Engagement Vs. Management: Actions for Leading Engagement. Year Developed: 2015. Source: GovLoop. Presenter(s): Derrick Barton, Jason Parman. Type: Video. Level: Introductory. Length: 30 minutes.

Annotation: Management expert Gary Hamel notes that, “modern organizations are motivationally crippled because they coerce grudging compliance instead of inspiring passion and performance.” Most of today’s government employees are knowledge workers, who come with particular ways of being motivated and managed. How do managers connect with their team in a way that motivates and inspires them? How do leaders know what to invest in to motivate their employees? The course comprises an overview and introduction, 6 lessons, 2 knowledge checks, and a post-course survey.

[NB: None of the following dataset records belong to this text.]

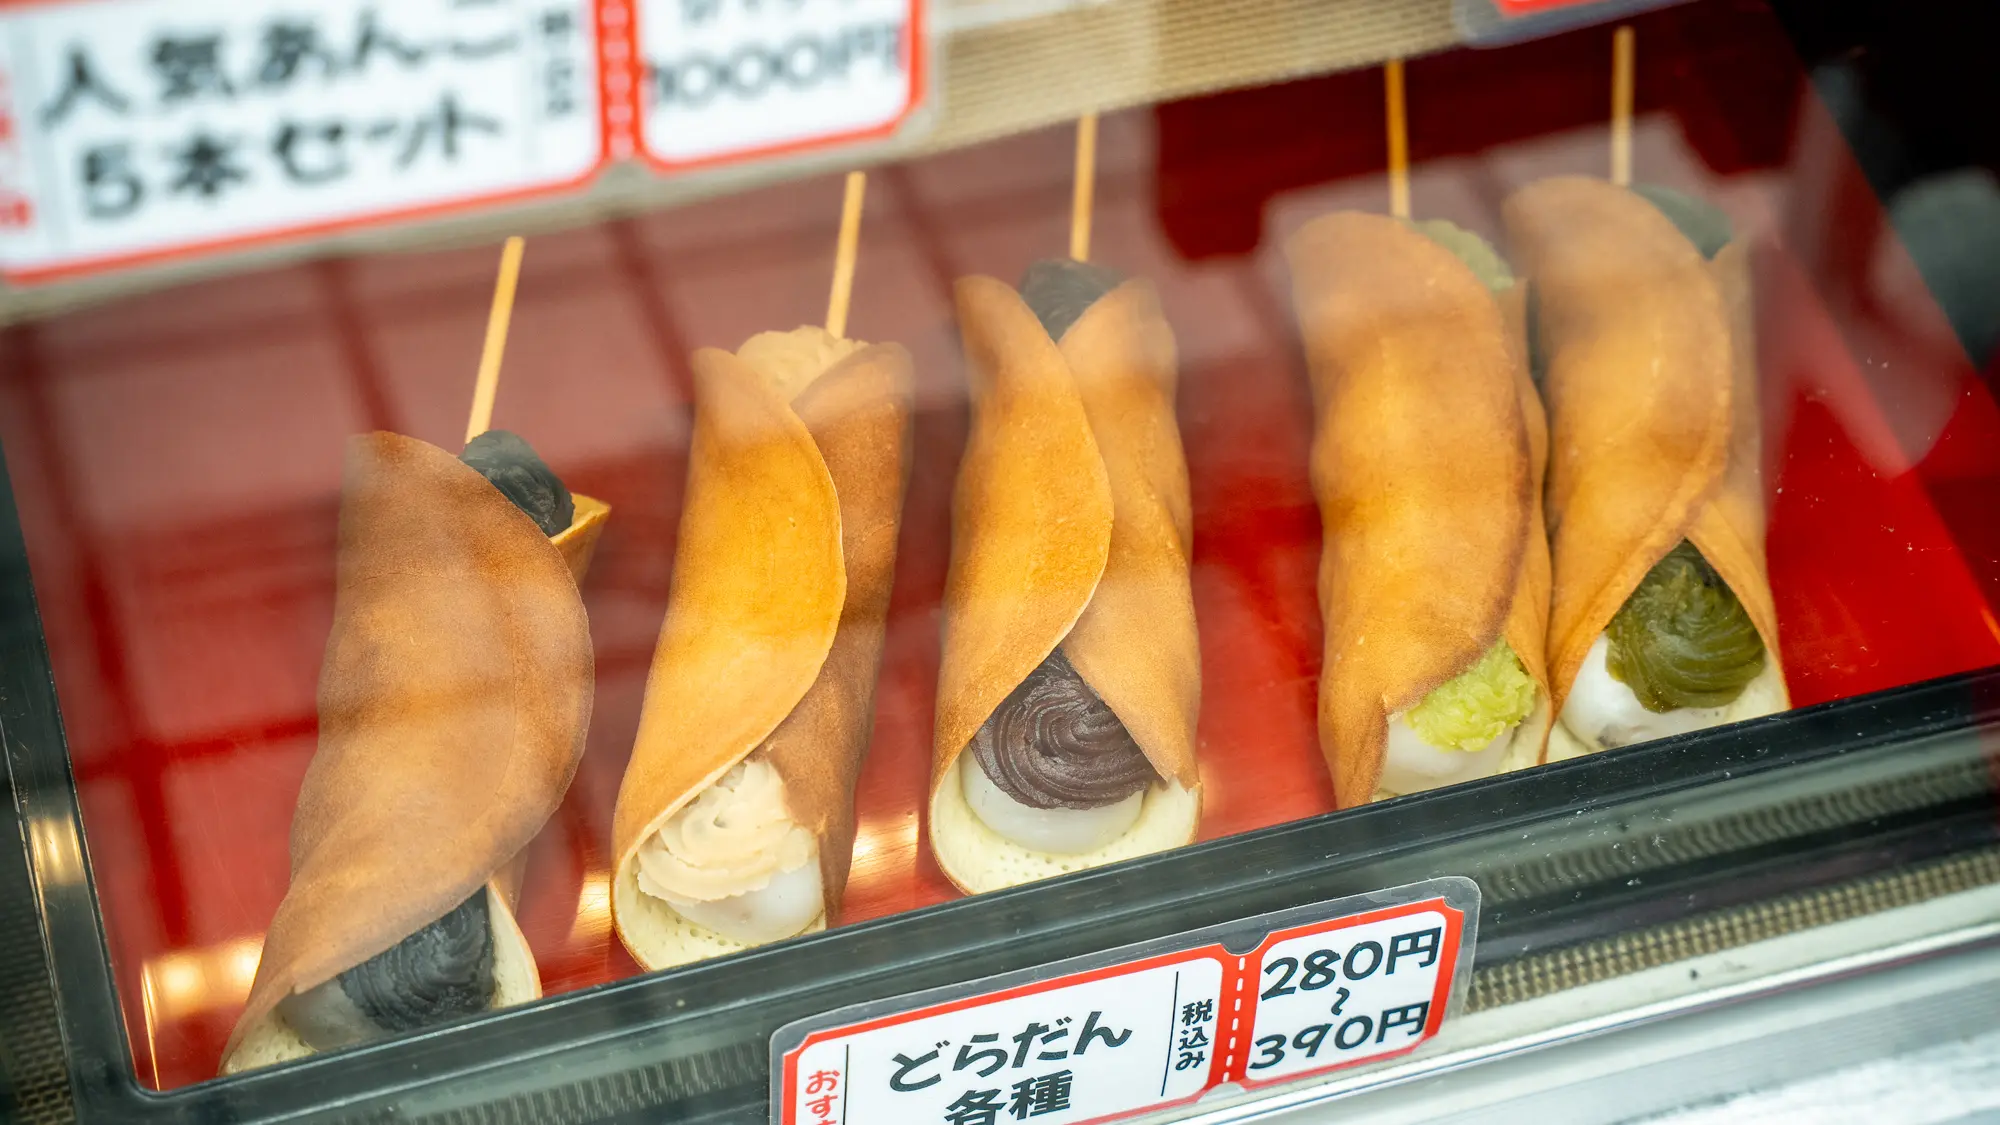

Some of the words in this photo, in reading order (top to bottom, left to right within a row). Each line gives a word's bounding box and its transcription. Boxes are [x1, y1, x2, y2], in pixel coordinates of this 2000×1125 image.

[38, 0, 521, 131] 人気あんこ
[79, 90, 506, 222] 5本セット
[1260, 926, 1442, 1002] 280円
[889, 1011, 1133, 1092] どらだん
[1175, 998, 1213, 1071] 税込み
[1249, 1000, 1431, 1070] 390円
[805, 1069, 840, 1125] おす
[944, 1069, 1074, 1125] 各種

Learning Objectives: • Learn six actions for leading engagement. • Recognize employees and colleagues across four different levels of engagement. • Estimate the financial impact of disengagement. • Understand what tools to invest in to increase engagement.

Continuing Education: GovLoop is registered with the National Association of State Boards of Accountancy (NASBA) as a sponsor of continuing professional education on the National Registry of CPE Sponsors.

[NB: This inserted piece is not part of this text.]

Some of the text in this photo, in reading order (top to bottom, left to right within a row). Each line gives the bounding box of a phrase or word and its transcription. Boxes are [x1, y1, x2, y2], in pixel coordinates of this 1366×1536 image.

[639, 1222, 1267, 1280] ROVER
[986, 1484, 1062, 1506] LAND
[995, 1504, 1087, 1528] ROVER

Systems Integration Training Spotlight. Year Developed: 2014. Source: MCH Navigator. Presenter(s): Beth DeFrancis, MLS; Keisha Watson-Bah, PhD; John Richards, MA. Type: Interactive Learning Tool. Level: Introductory Intermediate Advanced. Length: Series, various lengths.

Annotation: This training spotlight, developed by the MCH Navigator, provides links to selected trainings and related tools on the topics of systems integration, integrated services, and systems development. It addresses a priority focus of the National MCH Workforce Development Center. At the heart of systems integration lies systems thinking, a discipline for seeing wholes, interrelationships and patterns of change. By focusing on the interrelationships among key elements within a system, and the influence of these interrelationships on the system’s behavior over time, leaders implementing improvements can pursue several goals at once, simultaneously reducing the potential for unintended consequences by predicting upstream and downstream influences and effects. By coordinating efforts across systems of care, programs to improve maternal and child health (MCH) can increase coverage and reduce barriers to the use of services and supports. Linking medical and non-medical sectors (to encompass education, housing, social services, mental health, and early childhood systems) can help minimize risk factors and promote health and wellness across the life course.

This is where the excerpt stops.